The effects of caffeine on the body, in relation to exercise, body composition and overall health.
Similar to cigarettes, alcohol and drugs, caffeine is also a stimulant, and whenever we take in a stimulant the body releases the adrenal hormone called ‘cortisol’.
Cortisol is the primary hormone released by the body during times of stress. Stress of-course can be defined in many ways, and can originate from a number of internal or external (physical/mental) influences on the body; however the stress I refer to at this given time is the physical stress, and when we train and the body is under strenuous exercise cortisol levels are high. This is normal, however after exercise we want cortisol levels to come back down. Elevated cortisol levels over a long period of time can have many negative side effects, such as muscle breakdown, depression, excess fat storage, mood swings, insomnia and high blood pressure.

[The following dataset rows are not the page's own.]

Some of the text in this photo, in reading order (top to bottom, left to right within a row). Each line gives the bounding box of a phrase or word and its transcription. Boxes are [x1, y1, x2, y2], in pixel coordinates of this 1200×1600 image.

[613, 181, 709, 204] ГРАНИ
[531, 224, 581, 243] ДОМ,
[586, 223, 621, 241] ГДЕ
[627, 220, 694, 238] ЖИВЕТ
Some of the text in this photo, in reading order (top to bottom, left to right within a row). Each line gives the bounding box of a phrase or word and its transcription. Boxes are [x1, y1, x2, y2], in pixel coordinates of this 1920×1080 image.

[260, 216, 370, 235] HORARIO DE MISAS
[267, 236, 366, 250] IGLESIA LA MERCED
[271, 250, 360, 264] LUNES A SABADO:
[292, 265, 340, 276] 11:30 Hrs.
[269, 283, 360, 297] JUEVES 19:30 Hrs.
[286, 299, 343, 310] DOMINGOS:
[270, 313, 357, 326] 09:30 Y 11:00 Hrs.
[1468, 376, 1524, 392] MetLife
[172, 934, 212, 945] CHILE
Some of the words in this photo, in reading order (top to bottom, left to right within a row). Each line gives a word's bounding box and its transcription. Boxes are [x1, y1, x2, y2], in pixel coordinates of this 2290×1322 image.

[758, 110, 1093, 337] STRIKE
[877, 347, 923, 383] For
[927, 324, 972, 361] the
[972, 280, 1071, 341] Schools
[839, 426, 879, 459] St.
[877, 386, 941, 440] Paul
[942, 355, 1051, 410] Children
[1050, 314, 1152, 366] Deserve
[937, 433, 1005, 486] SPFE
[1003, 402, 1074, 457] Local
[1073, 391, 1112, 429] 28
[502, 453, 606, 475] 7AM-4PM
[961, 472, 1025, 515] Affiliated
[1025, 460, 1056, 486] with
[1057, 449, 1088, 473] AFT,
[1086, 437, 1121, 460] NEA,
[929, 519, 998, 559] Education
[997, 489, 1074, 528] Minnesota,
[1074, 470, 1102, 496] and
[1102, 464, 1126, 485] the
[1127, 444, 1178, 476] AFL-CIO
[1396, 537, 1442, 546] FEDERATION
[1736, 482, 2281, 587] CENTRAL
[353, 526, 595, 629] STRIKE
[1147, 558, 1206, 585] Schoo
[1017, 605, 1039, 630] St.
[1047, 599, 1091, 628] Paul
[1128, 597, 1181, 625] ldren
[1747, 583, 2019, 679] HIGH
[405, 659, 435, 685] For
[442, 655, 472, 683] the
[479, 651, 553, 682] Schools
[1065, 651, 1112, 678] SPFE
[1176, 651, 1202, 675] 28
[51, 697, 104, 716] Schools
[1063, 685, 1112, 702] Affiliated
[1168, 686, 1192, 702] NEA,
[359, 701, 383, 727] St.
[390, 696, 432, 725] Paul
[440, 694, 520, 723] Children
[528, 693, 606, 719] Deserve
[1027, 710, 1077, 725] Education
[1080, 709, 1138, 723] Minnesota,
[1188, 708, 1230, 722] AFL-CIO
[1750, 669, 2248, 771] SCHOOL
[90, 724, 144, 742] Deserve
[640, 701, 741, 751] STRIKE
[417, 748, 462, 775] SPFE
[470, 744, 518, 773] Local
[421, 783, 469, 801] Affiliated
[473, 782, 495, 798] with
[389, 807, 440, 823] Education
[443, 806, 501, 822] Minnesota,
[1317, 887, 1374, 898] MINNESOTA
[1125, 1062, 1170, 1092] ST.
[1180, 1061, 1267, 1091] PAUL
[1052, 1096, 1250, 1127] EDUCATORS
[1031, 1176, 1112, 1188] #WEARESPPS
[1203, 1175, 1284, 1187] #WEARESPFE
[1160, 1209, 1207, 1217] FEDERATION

So timing the intake of caffeine is crucial here, a pre-workout hit is great as coffee can help to stimulate fat burn and of course boost energy levels for your training session, however taking in caffeine post workout is not beneficial. Try to also limit caffeine to 1-2 cups a day before 2/3pm and pre workout. If you are an early bird exerciser, try to wait a good 90 minutes post workout. Not only will limiting caffeine help reduce cortisol but keeping our stress levels down is key in removing cortisol from the body, as stress is the primary trigger for cortisol release.
Exercising for too long, working too long hours, stressful unhappy relationships, worrying, and being over weight are all examples of stresses on the body that can elevate cortisol.
I know it’s not as simple as switching a button on and off, but try to eliminate stress from your life as much as possible. Get enough sleep, listen to calming/relaxing music, yoga, meditation, massage, eating right and taking time off for holidays are all ways to try to help reduce stress.